+++ Records supplied
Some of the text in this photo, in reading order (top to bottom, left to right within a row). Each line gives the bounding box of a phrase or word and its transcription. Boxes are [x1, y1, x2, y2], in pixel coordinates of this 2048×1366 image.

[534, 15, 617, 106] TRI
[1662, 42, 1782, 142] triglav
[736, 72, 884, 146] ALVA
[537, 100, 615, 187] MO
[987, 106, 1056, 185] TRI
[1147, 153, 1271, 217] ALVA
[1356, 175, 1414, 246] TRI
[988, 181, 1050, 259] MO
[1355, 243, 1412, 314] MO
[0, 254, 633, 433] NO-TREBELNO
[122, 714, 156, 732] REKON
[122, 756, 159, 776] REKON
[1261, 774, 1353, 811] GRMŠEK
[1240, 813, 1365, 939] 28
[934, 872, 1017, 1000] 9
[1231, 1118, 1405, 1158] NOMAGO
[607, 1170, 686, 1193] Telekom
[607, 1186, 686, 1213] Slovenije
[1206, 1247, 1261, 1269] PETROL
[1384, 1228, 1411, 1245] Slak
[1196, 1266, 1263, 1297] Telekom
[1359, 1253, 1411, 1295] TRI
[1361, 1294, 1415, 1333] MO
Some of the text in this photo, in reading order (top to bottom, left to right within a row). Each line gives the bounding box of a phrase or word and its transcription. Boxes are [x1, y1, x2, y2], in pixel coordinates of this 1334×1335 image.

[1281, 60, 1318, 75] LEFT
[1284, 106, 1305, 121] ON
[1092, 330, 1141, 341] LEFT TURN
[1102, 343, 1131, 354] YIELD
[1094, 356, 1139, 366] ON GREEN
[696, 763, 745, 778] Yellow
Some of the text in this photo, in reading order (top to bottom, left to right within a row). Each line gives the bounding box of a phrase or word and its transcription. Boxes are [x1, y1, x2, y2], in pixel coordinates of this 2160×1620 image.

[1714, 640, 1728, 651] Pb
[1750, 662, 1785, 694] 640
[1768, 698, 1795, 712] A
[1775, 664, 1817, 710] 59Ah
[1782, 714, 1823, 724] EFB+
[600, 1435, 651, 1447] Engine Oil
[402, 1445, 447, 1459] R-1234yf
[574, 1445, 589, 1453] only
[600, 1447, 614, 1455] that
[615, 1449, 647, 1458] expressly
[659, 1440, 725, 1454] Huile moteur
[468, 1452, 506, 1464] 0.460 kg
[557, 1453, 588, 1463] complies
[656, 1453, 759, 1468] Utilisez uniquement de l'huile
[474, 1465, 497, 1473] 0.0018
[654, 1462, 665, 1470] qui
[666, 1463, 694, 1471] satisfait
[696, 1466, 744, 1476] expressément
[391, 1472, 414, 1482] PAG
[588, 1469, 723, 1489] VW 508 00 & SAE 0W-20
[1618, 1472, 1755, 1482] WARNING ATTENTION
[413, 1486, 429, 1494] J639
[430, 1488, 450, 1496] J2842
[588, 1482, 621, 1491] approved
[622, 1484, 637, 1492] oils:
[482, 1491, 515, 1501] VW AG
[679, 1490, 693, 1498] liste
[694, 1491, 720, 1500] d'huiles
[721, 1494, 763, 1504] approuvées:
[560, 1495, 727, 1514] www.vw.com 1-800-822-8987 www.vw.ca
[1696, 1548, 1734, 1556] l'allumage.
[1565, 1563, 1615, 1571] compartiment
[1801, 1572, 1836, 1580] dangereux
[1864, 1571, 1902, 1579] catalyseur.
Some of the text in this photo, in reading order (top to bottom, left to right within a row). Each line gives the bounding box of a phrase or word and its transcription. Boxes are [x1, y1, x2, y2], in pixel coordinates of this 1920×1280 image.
++++++
_Task to carry out_: Repeat the data word for word, leaving out no line.

_Exercise result_:
Some of the text in this photo, in reading order (top to bottom, left to right within a row). Each line gives the bounding box of a phrase or word and its transcription. Boxes are [x1, y1, x2, y2], in pixel coordinates of this 2048×1366 image.

[534, 15, 617, 106] TRI
[1662, 42, 1782, 142] triglav
[736, 72, 884, 146] ALVA
[537, 100, 615, 187] MO
[987, 106, 1056, 185] TRI
[1147, 153, 1271, 217] ALVA
[1356, 175, 1414, 246] TRI
[988, 181, 1050, 259] MO
[1355, 243, 1412, 314] MO
[0, 254, 633, 433] NO-TREBELNO
[122, 714, 156, 732] REKON
[122, 756, 159, 776] REKON
[1261, 774, 1353, 811] GRMŠEK
[1240, 813, 1365, 939] 28
[934, 872, 1017, 1000] 9
[1231, 1118, 1405, 1158] NOMAGO
[607, 1170, 686, 1193] Telekom
[607, 1186, 686, 1213] Slovenije
[1206, 1247, 1261, 1269] PETROL
[1384, 1228, 1411, 1245] Slak
[1196, 1266, 1263, 1297] Telekom
[1359, 1253, 1411, 1295] TRI
[1361, 1294, 1415, 1333] MO
Some of the text in this photo, in reading order (top to bottom, left to right within a row). Each line gives the bounding box of a phrase or word and its transcription. Boxes are [x1, y1, x2, y2], in pixel coordinates of this 1334×1335 image.

[1281, 60, 1318, 75] LEFT
[1284, 106, 1305, 121] ON
[1092, 330, 1141, 341] LEFT TURN
[1102, 343, 1131, 354] YIELD
[1094, 356, 1139, 366] ON GREEN
[696, 763, 745, 778] Yellow
Some of the text in this photo, in reading order (top to bottom, left to right within a row). Each line gives the bounding box of a phrase or word and its transcription. Boxes are [x1, y1, x2, y2], in pixel coordinates of this 2160×1620 image.

[1714, 640, 1728, 651] Pb
[1750, 662, 1785, 694] 640
[1768, 698, 1795, 712] A
[1775, 664, 1817, 710] 59Ah
[1782, 714, 1823, 724] EFB+
[600, 1435, 651, 1447] Engine Oil
[402, 1445, 447, 1459] R-1234yf
[574, 1445, 589, 1453] only
[600, 1447, 614, 1455] that
[615, 1449, 647, 1458] expressly
[659, 1440, 725, 1454] Huile moteur
[468, 1452, 506, 1464] 0.460 kg
[557, 1453, 588, 1463] complies
[656, 1453, 759, 1468] Utilisez uniquement de l'huile
[474, 1465, 497, 1473] 0.0018
[654, 1462, 665, 1470] qui
[666, 1463, 694, 1471] satisfait
[696, 1466, 744, 1476] expressément
[391, 1472, 414, 1482] PAG
[588, 1469, 723, 1489] VW 508 00 & SAE 0W-20
[1618, 1472, 1755, 1482] WARNING ATTENTION
[413, 1486, 429, 1494] J639
[430, 1488, 450, 1496] J2842
[588, 1482, 621, 1491] approved
[622, 1484, 637, 1492] oils:
[482, 1491, 515, 1501] VW AG
[679, 1490, 693, 1498] liste
[694, 1491, 720, 1500] d'huiles
[721, 1494, 763, 1504] approuvées:
[560, 1495, 727, 1514] www.vw.com 1-800-822-8987 www.vw.ca
[1696, 1548, 1734, 1556] l'allumage.
[1565, 1563, 1615, 1571] compartiment
[1801, 1572, 1836, 1580] dangereux
[1864, 1571, 1902, 1579] catalyseur.
Some of the text in this photo, in reading order (top to bottom, left to right within a row). Each line gives the bounding box of a phrase or word and its transcription. Boxes are [x1, y1, x2, y2], in pixel coordinates of this 1920×1280 image.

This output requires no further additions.